Quando nel 2012 l’uragano Sandy colpì gli Stati Uniti, Brooklyn (New York) rimase al buio. Il danneggiamento di un singolo punto di distribuzione di energia lasciò un’intera comunità al buio. Da allora, gli abitanti del quartiere hanno deciso di non rimanere mai più poveri di elettricità. Grazie a nuove tecnologie come blockchain, i vicini si sono reinventati imprenditori dando vita ad un’economia collaborativa locale in cui l’elettricità si scambia senza sprechi e intermediari.

“Una volta, l’eccesso di elettricità prodotto dai miei pannelli solari sarebbe andato sprecato.” – mi dice un locale – “Ora posso trasferirlo direttamente a chi, nel circuito, non può permettersi di pagare le bollette. Questo vuol dire la fine della povertà di accesso elettrico a Brooklyn. Non solo, ma con questo sistema più distribuito siamo più indipendenti e più soddisfatti: non ci scambiamo solo servizi, ma anche valori come fiducia e riconoscenza.”
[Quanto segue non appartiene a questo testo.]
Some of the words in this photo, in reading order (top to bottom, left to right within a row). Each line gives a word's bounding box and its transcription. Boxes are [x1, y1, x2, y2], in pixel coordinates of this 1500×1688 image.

Questo è solo un esempio delle possibilità che si prospettano nella nostra economia e nella nostra società, animate da un progresso tecnologico senza precedenti. Tre “C” riassumono gli attributi degli emergenti modelli socio-economici che permettono di meglio conservare, condividere e creare valore: circolare, collaborativa e connettiva.
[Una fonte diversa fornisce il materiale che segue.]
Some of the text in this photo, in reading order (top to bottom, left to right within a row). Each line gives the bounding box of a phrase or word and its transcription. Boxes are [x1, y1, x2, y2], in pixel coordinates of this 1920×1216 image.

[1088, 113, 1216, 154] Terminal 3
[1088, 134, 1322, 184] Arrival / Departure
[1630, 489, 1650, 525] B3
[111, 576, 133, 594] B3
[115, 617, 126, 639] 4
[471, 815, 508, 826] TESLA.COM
Un’economia circolare non è un desiderio, ma una necessità in questi tempi in cui, meno che in passato, non possiamo permetterci di sprecare valore e capitale – che siano talenti o risorse naturali. A Brooklyn, un gruppo di vicini, ora imprenditori, l’ha capito e, supportato dal governo dello Stato di New York, ha costruito un’economia circolare in cui gli sprechi del passato si trasformano in opportunità per chi non ne aveva. Seguendo lo stesso principio, ci sono organizzazioni che entrano nelle prigioni per insegnare competenze digitali ai carcerati – considerati, generalmente, parte inattiva (se non nociva) della società. Perché? Una simile iniziativa non solo utilizza capacità altrimenti inespresse, ma stimola ed equipaggia queste persone a prepararsi alla reintegrazione alla fine della pena.

Mantenere e scovare valore non è abbastanza, bisogna anche condividerlo per sfruttarlo al meglio. Nell’economia collaborativa è possibile. Quanti di noi investono somme ingenti per comprare una macchina che, in media, rimane parcheggiata il 92% del tempo? E quanti altri, invece, hanno scarso accesso alla mobilità? Un’economia collaborativa sposa opportunità e necessità, distribuendo valore in maniera più efficiente e generandone dell’altro. Questa logica non si limita a piattaforme, ma si estende a nuovi modelli organizzativi: gli Innovation Deal lanciati dalla Commissione europea incentivano partnership tra pubblico, privato e persone per trovare soluzioni innovative a interessi comuni.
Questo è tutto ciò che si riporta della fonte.